When it comes to hate crimes that stop short of murder — assaults, harassment — it’s virtually impossible to gauge the extent of the problem. The reason is simple: the victims of anti-transgender hate crimes almost never report them.
Here is a link to a 2007 study that compares hate crime rates against groups that are protected by hate crime legislation and those that are not. Violence against the transgen community is clearly a problem.

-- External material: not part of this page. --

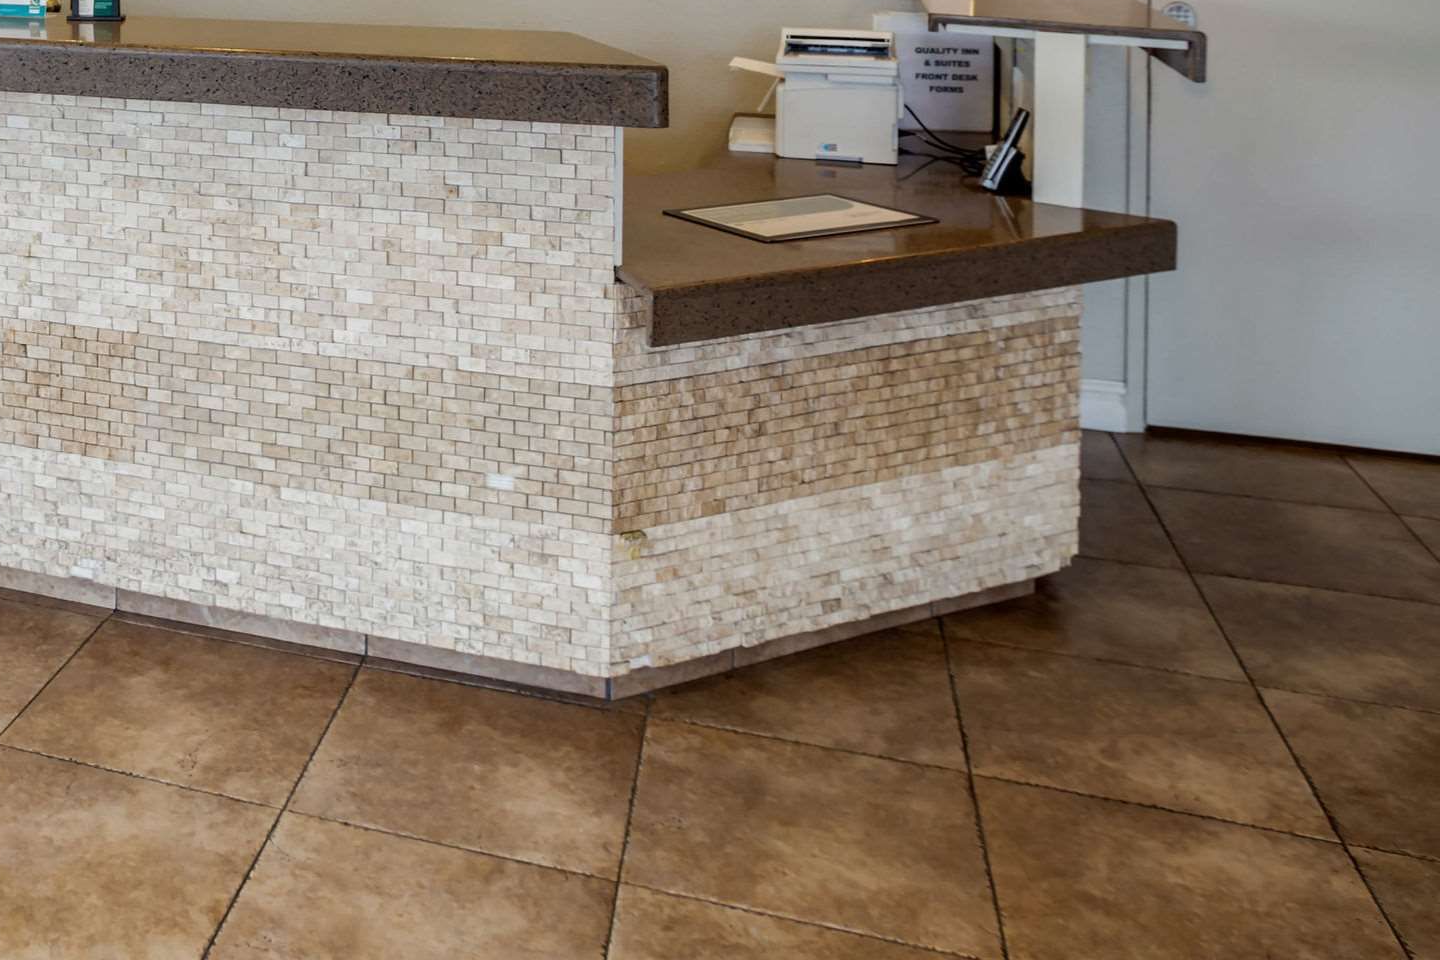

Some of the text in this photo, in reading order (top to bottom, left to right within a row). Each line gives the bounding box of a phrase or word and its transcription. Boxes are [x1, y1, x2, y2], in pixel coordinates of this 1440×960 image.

A close analysis of hate crime rates demonstrates that groups that are already covered by hate crime laws, such as African Americans, Muslims, and Jews, report similar rates of hate crime victimization as lesbians, gay men, and bisexuals, who are not currently federally protected. On average:
• 8 in 100,000 African Americans report being the victim of hate crime
• 12 in 100,000 Muslims report being the victim of hate crime
• 15 in 100,000 Jews report the victim of hate crime
• 13 in 100,000 gay men, lesbians, and bisexuals report being the victim of hate crimeCurrently hate crimes based on gender expression are not covered in federal hate crime legislation. This omission persists despite evidence that transgender individuals experience a similar number of hate crimes as some other protected groups, with an average of 213 hate crimes per year.